▶ _Supplied material_
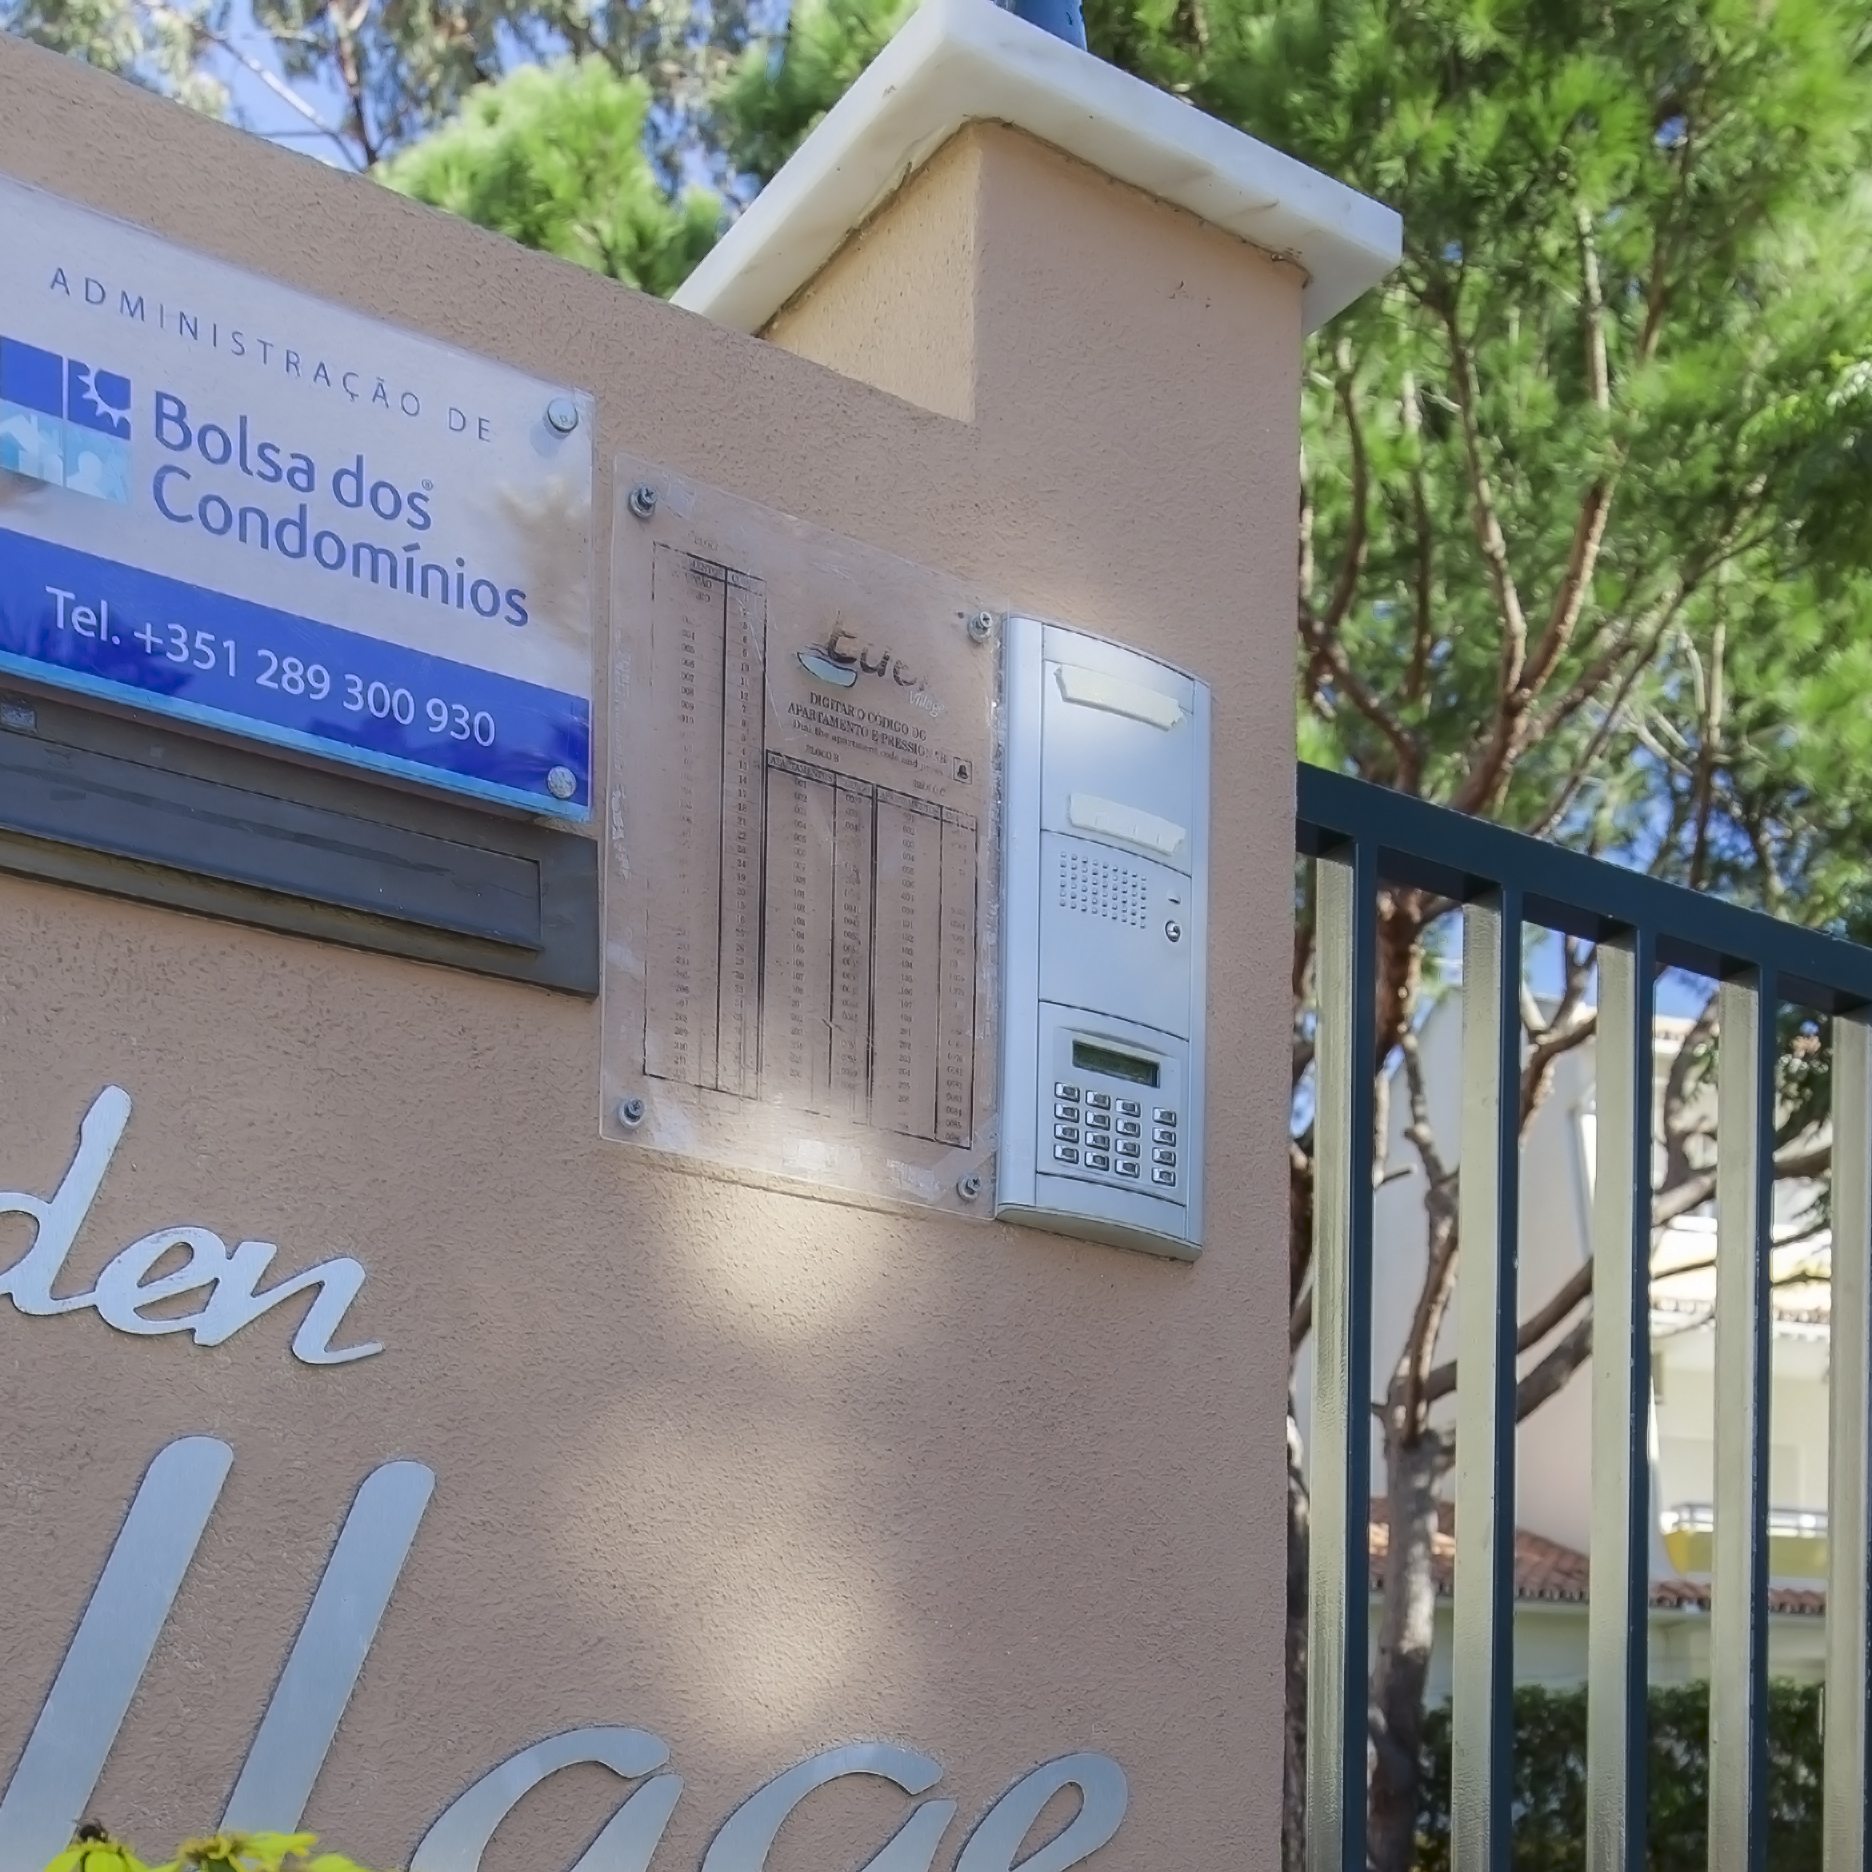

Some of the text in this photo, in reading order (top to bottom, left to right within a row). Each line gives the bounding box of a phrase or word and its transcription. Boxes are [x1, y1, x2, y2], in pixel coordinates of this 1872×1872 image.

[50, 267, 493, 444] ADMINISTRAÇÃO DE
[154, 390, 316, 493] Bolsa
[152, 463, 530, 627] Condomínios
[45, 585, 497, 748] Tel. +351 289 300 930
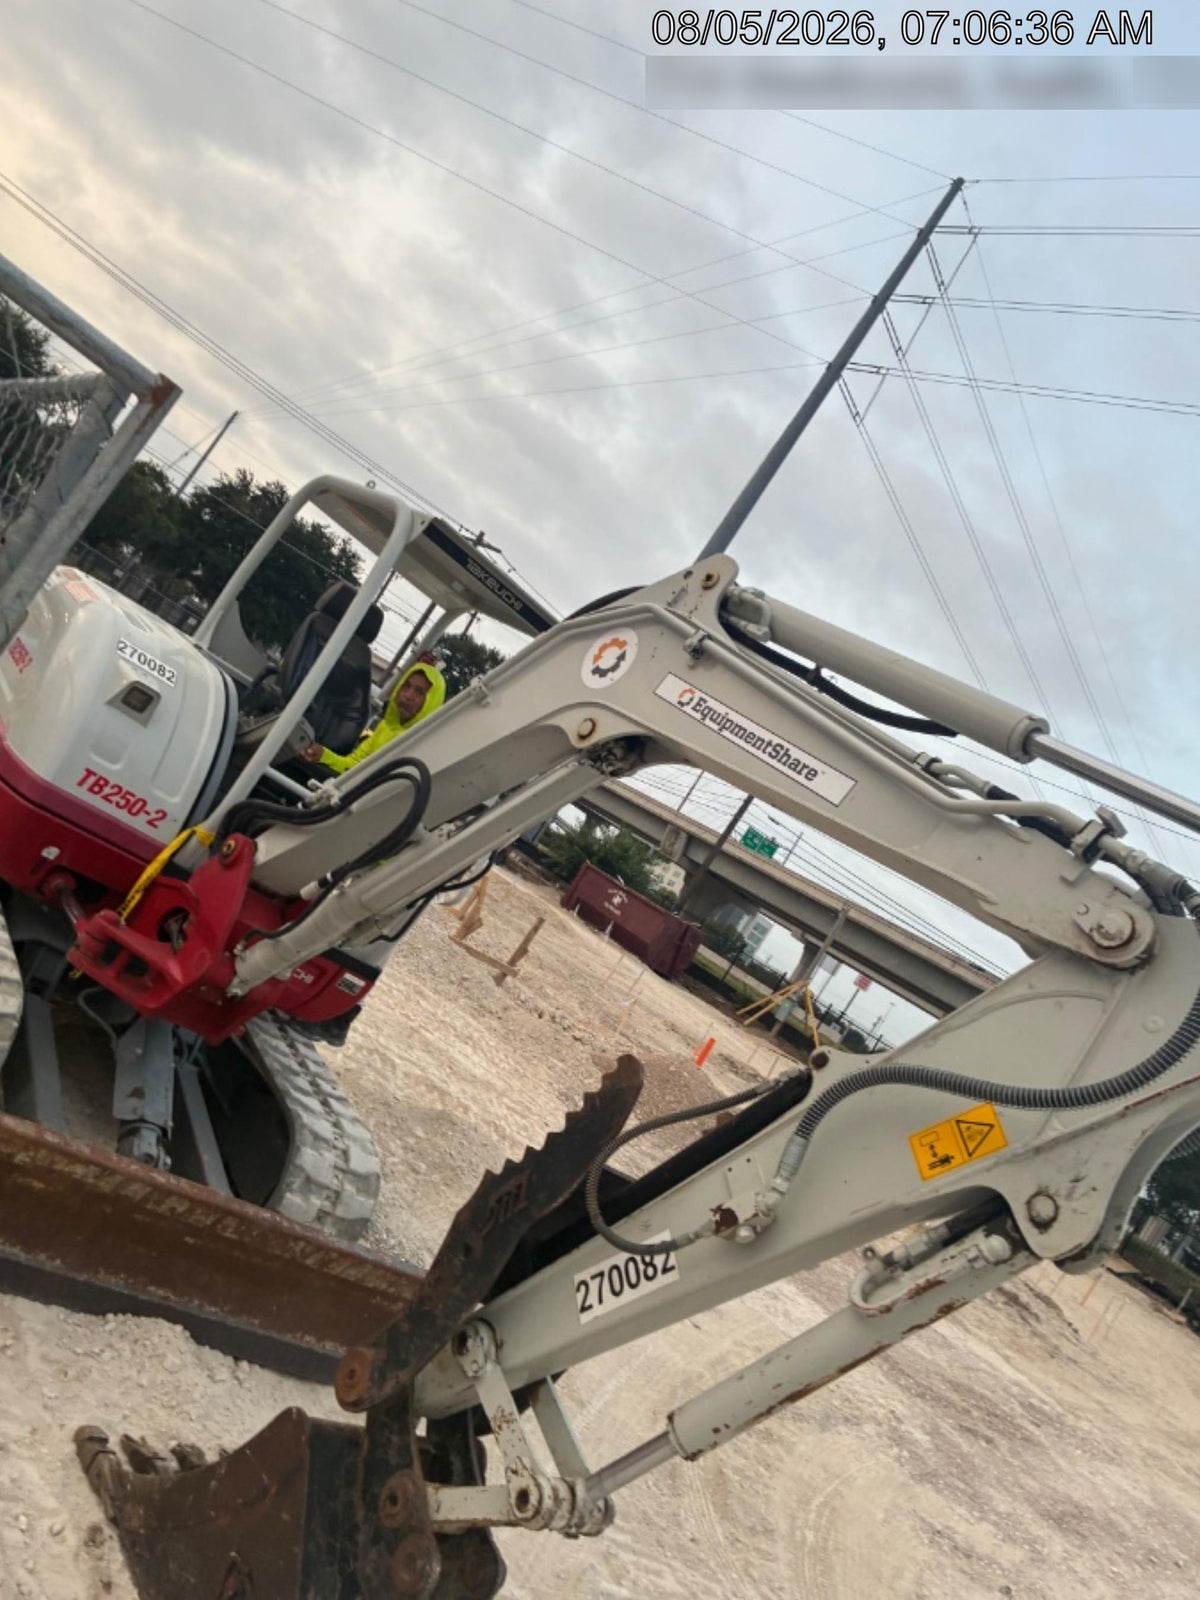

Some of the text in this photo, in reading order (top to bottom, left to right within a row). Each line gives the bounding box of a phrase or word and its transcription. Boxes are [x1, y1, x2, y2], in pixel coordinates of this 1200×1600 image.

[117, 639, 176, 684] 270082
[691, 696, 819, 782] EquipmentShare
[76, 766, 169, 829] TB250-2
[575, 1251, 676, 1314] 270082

▶ _Task directions_
Output only the lines running from the line with "this 1200×1600 image." through the final line of the data, inclusive.

▶ _Task output_
Some of the text in this photo, in reading order (top to bottom, left to right within a row). Each line gives the bounding box of a phrase or word and its transcription. Boxes are [x1, y1, x2, y2], in pixel coordinates of this 1200×1600 image.

[117, 639, 176, 684] 270082
[691, 696, 819, 782] EquipmentShare
[76, 766, 169, 829] TB250-2
[575, 1251, 676, 1314] 270082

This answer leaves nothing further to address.